[[ SOURCE INFORMATION open ]]
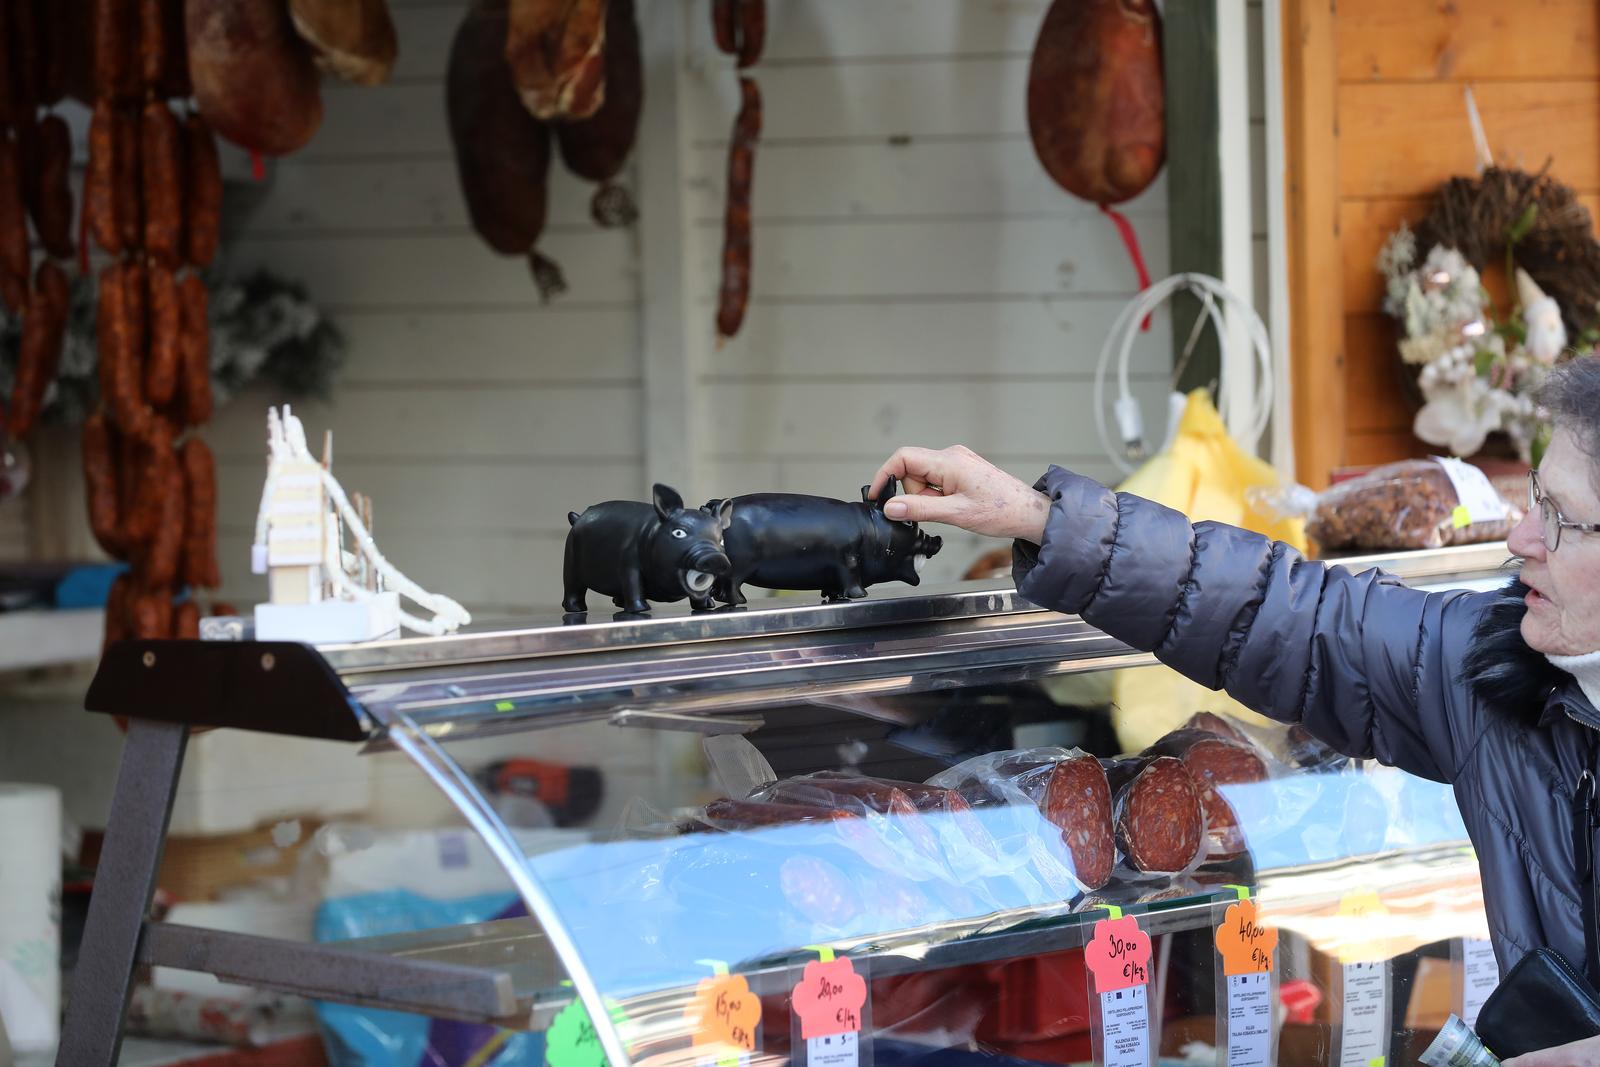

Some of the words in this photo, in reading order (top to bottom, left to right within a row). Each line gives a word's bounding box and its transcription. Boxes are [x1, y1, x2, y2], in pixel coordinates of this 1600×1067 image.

[1239, 917, 1265, 945] 40,00
[1108, 934, 1137, 960] 30,00
[1123, 960, 1145, 983] €/kg
[817, 976, 843, 1001] 20,00
[[ SOURCE INFORMATION closed ]]
## WORK ORDER
The data above must be reproduced exactly, without any of its pictures.

## SOLUTION TO THIS EXERCISE
Some of the words in this photo, in reading order (top to bottom, left to right within a row). Each line gives a word's bounding box and its transcription. Boxes are [x1, y1, x2, y2], in pixel coordinates of this 1600×1067 image.

[1239, 917, 1265, 945] 40,00
[1108, 934, 1137, 960] 30,00
[1123, 960, 1145, 983] €/kg
[817, 976, 843, 1001] 20,00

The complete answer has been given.